CSR (response B): "Can I have some money now?"

So the geeks at chicago.net were always helpful, if not always cheerful. But when my service was disconnected, they were closed. I was heavily addicted to an online RPG at the time, and so I needed access NOW. I flipped through the yellow pages and for some reason chose "Moore Internet".

11pm, I call and wake up Bill Moore at his home. "I need access and I need it now, I have my credit card in my hand, can you help me?" I desperately pleaded.

"Ayuh," said a half-asleep Bill, and I started to hear keys clacking. He hooked me up, and I got my fix. In the next year and a half or so, there were only two service interruptions, and he was always willing to bullshit about the virus that had taken him out or whatever problems they were having. I would wholeheartedly recommend that if you want a dial-up ISP in the greater Chicago area, call Moore Internet.

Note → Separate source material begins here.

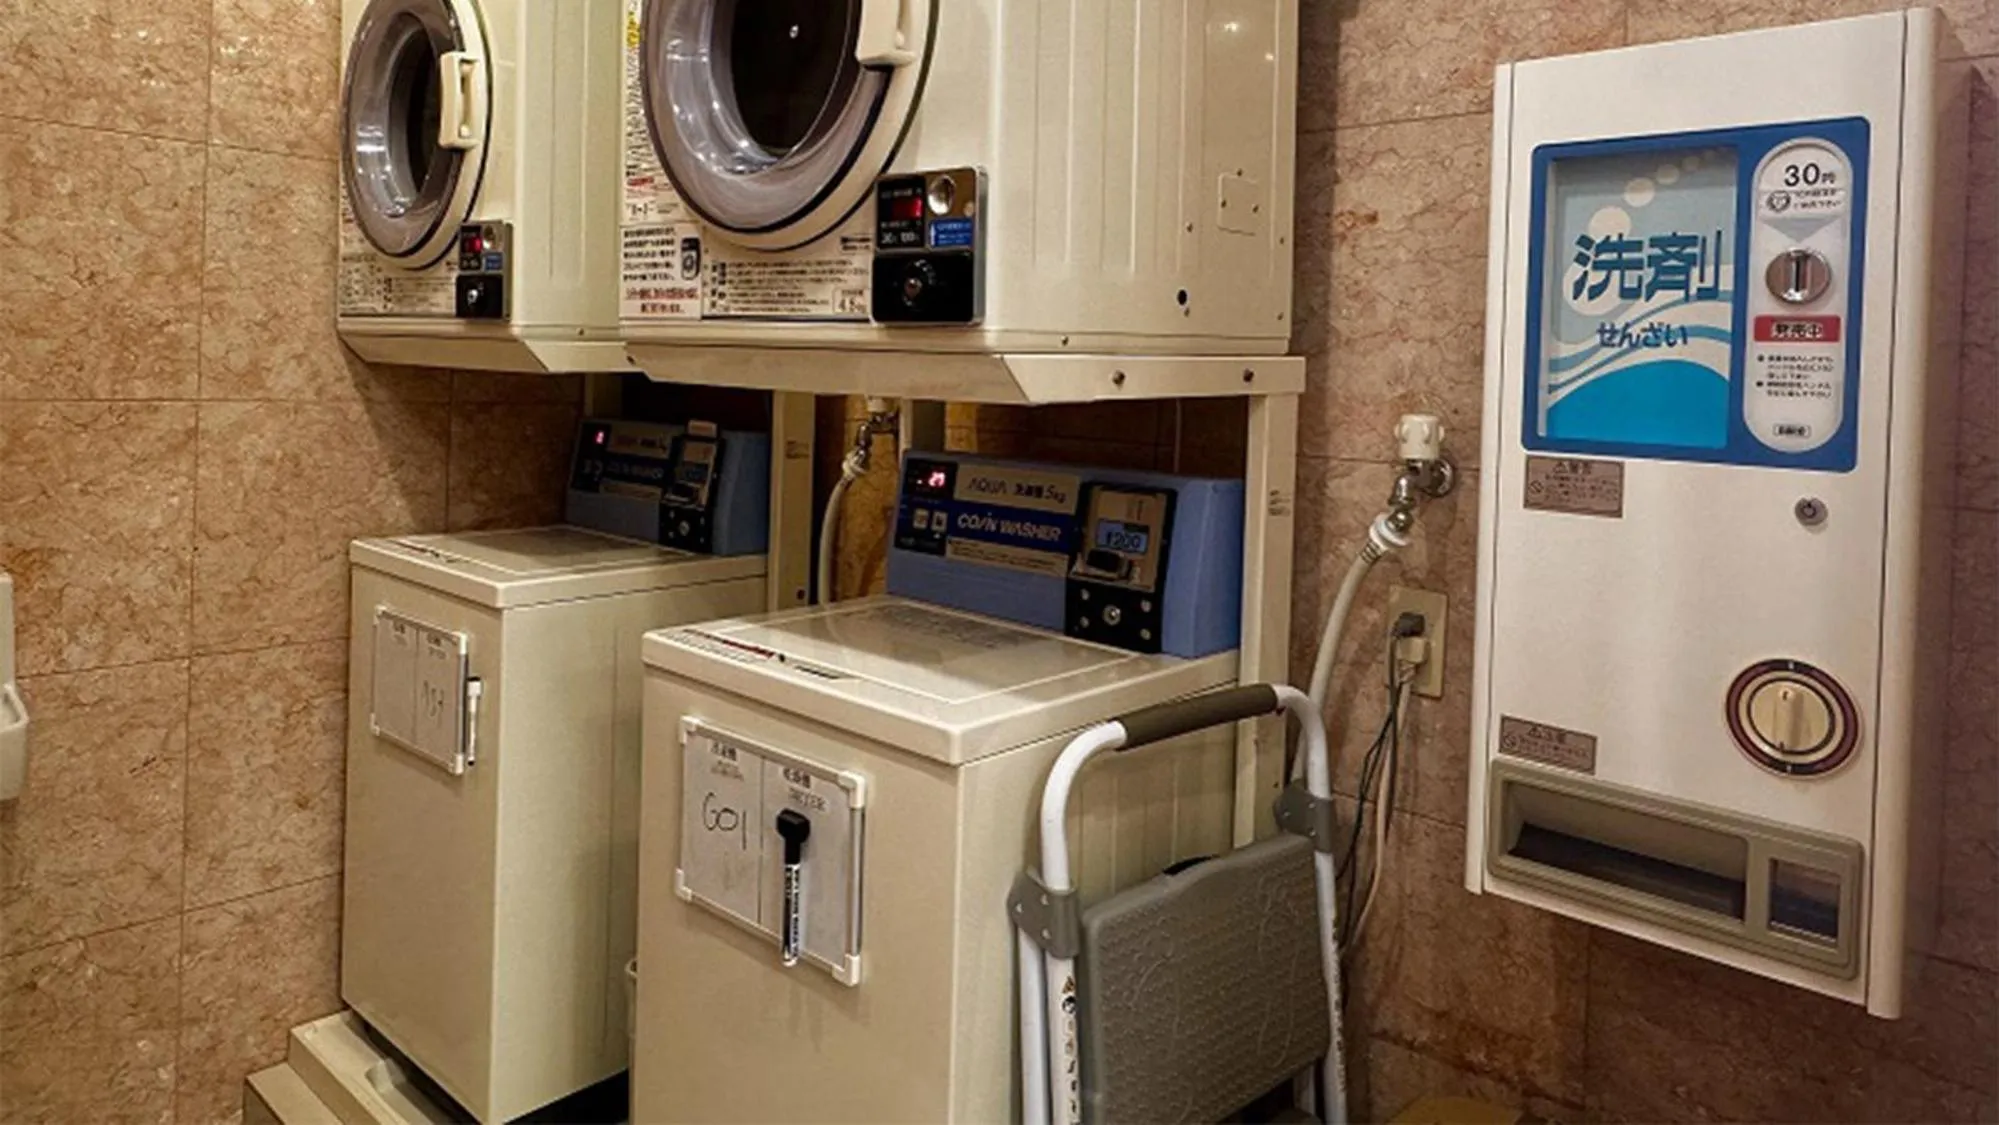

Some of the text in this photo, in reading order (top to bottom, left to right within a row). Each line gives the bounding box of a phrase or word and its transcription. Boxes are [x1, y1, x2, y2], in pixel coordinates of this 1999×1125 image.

But, alas, like grains through the hourglass, these are the technologies of our lives. Our house has four computers now, and though the airport will share the line, we need a bigger pipe like a hippie with a fat sack. I switched to cable-modem today, and disconnected with Bill.

To call him, I had to look him up online. Yahoo pulled up two results for "Moore Internet": "Moore Internet" and "Moore's Machine Shop", both with the same address. For a year and a half, I've been getting my dialup service from a machine shop. And it was the best service I ever had.

So if you've been dicked around by HyperMegaGlobalNet.com, maybe you're looking in the wrong place. It took a machinist to get it right for me. Now, I've gotta do something about those chode-enthusiasts over at the bank. I think I'm going to start keeping my money down at the auto-body shop.